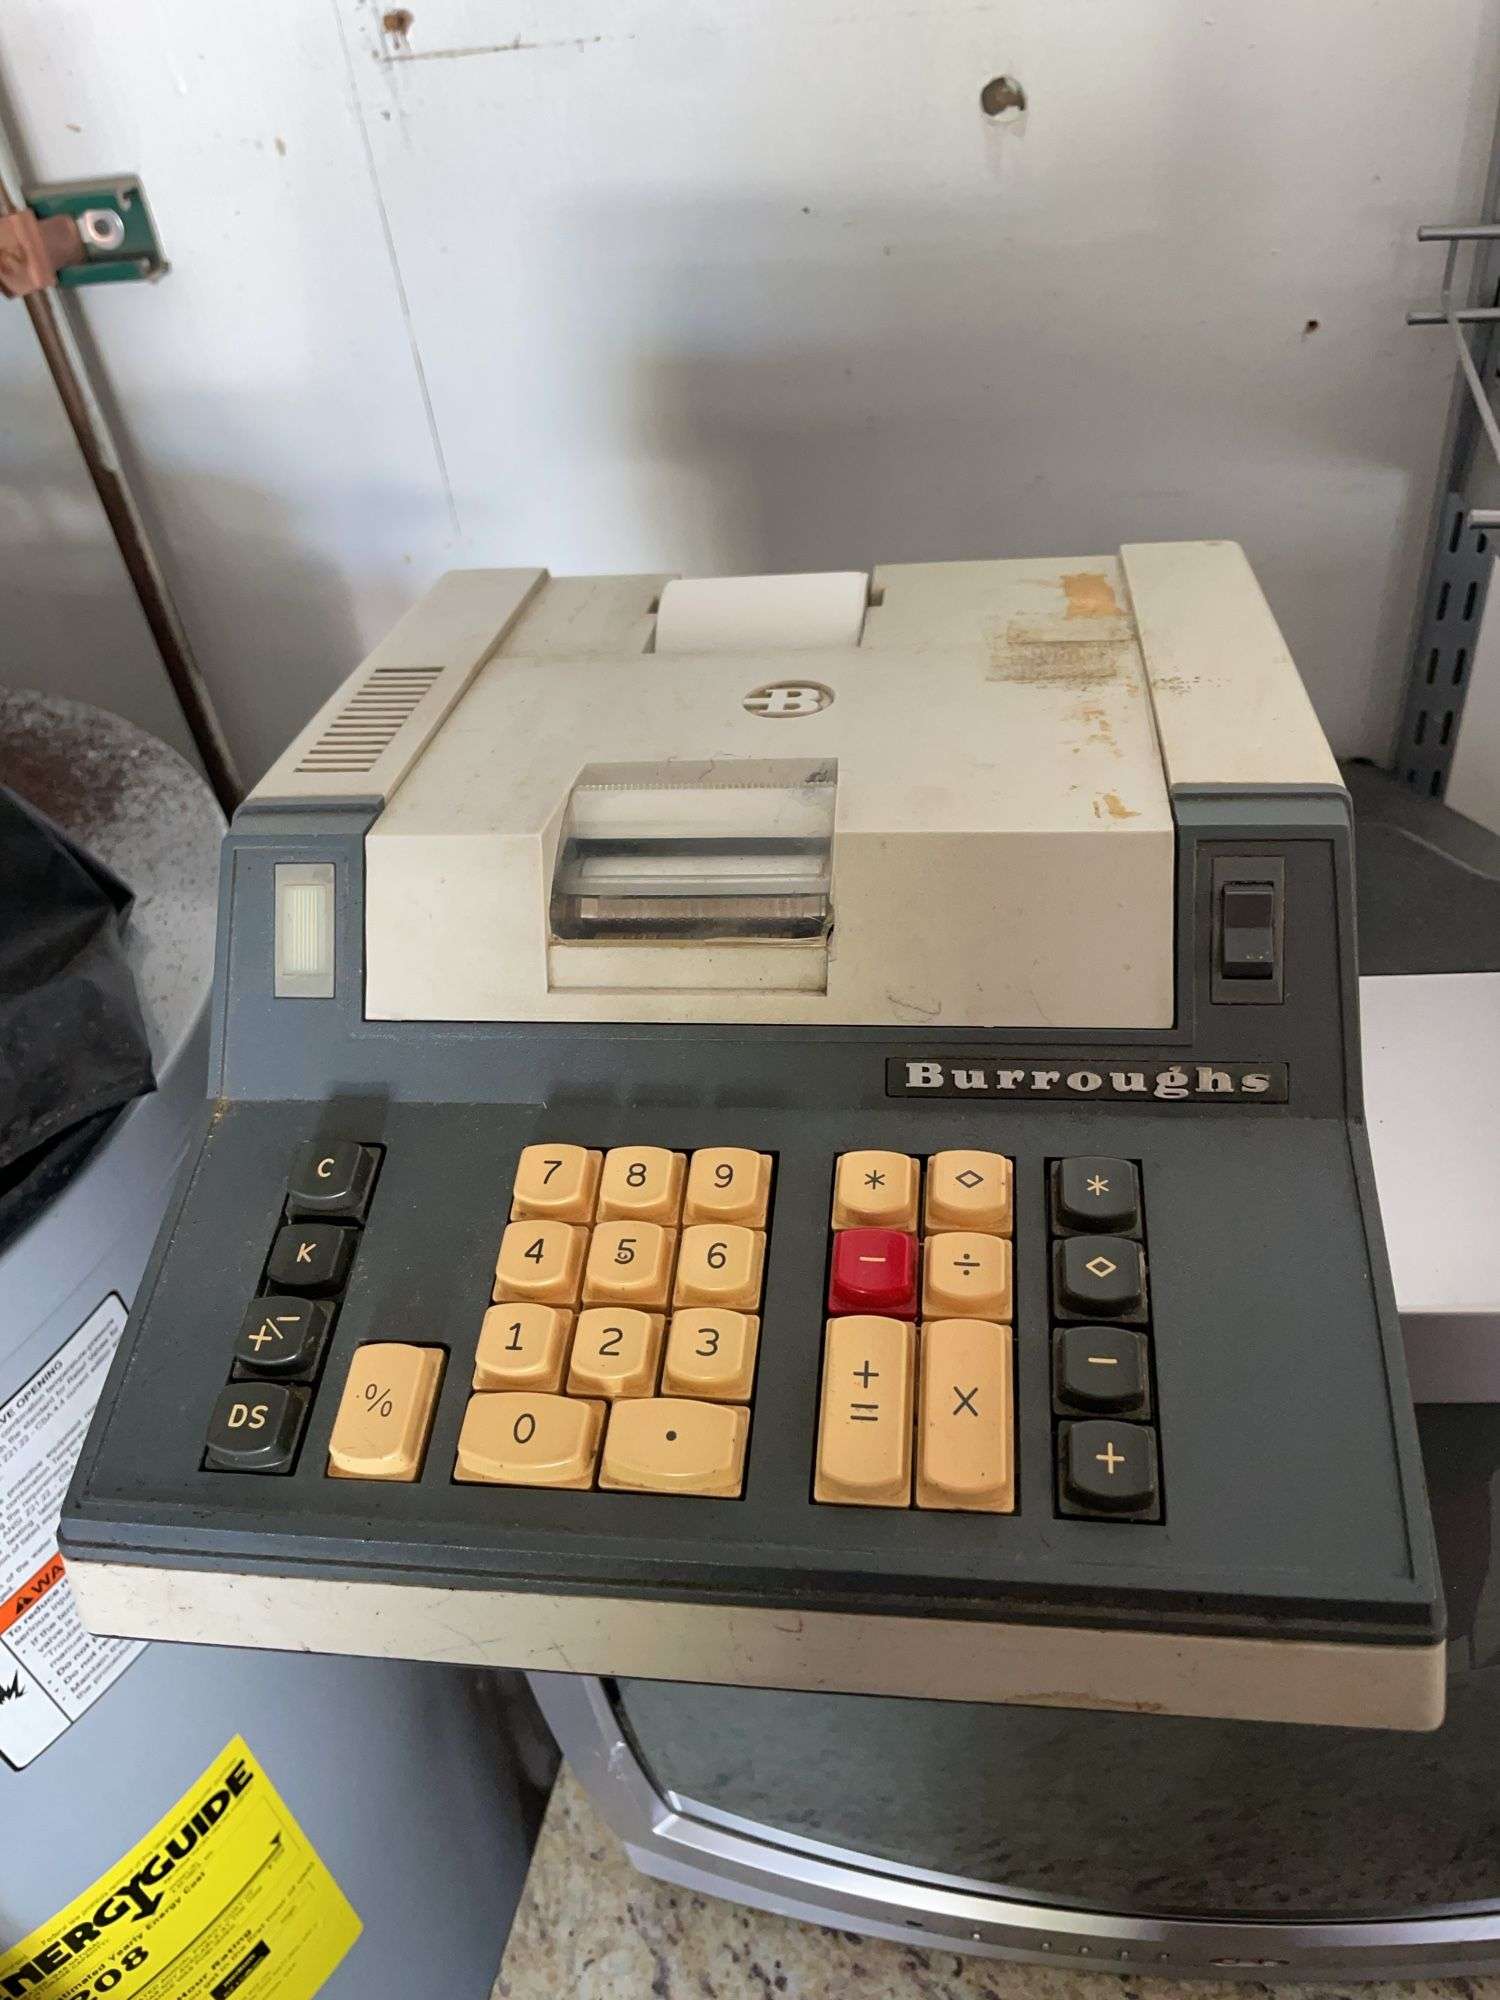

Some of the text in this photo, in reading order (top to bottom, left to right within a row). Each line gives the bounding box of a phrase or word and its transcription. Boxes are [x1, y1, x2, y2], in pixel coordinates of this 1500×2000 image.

[905, 1062, 1271, 1099] Burroughs
[318, 1157, 335, 1178] C
[542, 1159, 562, 1185] 7
[626, 1162, 647, 1187] 8
[713, 1163, 734, 1188] 9
[296, 1242, 317, 1263] K
[524, 1238, 545, 1265] 4
[613, 1238, 637, 1265] 5
[706, 1242, 727, 1269] 6
[504, 1322, 524, 1352] 1
[598, 1327, 624, 1356] 2
[695, 1328, 720, 1357] 3
[17, 1360, 63, 1409] OPENING
[364, 1383, 393, 1418] %
[227, 1403, 270, 1430] DS
[513, 1413, 536, 1444] 0
[9, 1625, 22, 1637] To
[57, 1660, 72, 1676] Do
[73, 1642, 90, 1661] not
[64, 1669, 79, 1685] Do
[80, 1651, 97, 1668] not
[0, 1759, 254, 2000] NERGYGUIDE
[108, 1932, 144, 1962] Yearly
[145, 1896, 182, 1931] Energy
[183, 1871, 206, 1894] Cost
[211, 1929, 252, 1971] Rating

- [What is needed]
I would like the data above transcribed exactly, with its pictures left out.

- [Output below]
Some of the text in this photo, in reading order (top to bottom, left to right within a row). Each line gives the bounding box of a phrase or word and its transcription. Boxes are [x1, y1, x2, y2], in pixel coordinates of this 1500×2000 image.

[905, 1062, 1271, 1099] Burroughs
[318, 1157, 335, 1178] C
[542, 1159, 562, 1185] 7
[626, 1162, 647, 1187] 8
[713, 1163, 734, 1188] 9
[296, 1242, 317, 1263] K
[524, 1238, 545, 1265] 4
[613, 1238, 637, 1265] 5
[706, 1242, 727, 1269] 6
[504, 1322, 524, 1352] 1
[598, 1327, 624, 1356] 2
[695, 1328, 720, 1357] 3
[17, 1360, 63, 1409] OPENING
[364, 1383, 393, 1418] %
[227, 1403, 270, 1430] DS
[513, 1413, 536, 1444] 0
[9, 1625, 22, 1637] To
[57, 1660, 72, 1676] Do
[73, 1642, 90, 1661] not
[64, 1669, 79, 1685] Do
[80, 1651, 97, 1668] not
[0, 1759, 254, 2000] NERGYGUIDE
[108, 1932, 144, 1962] Yearly
[145, 1896, 182, 1931] Energy
[183, 1871, 206, 1894] Cost
[211, 1929, 252, 1971] Rating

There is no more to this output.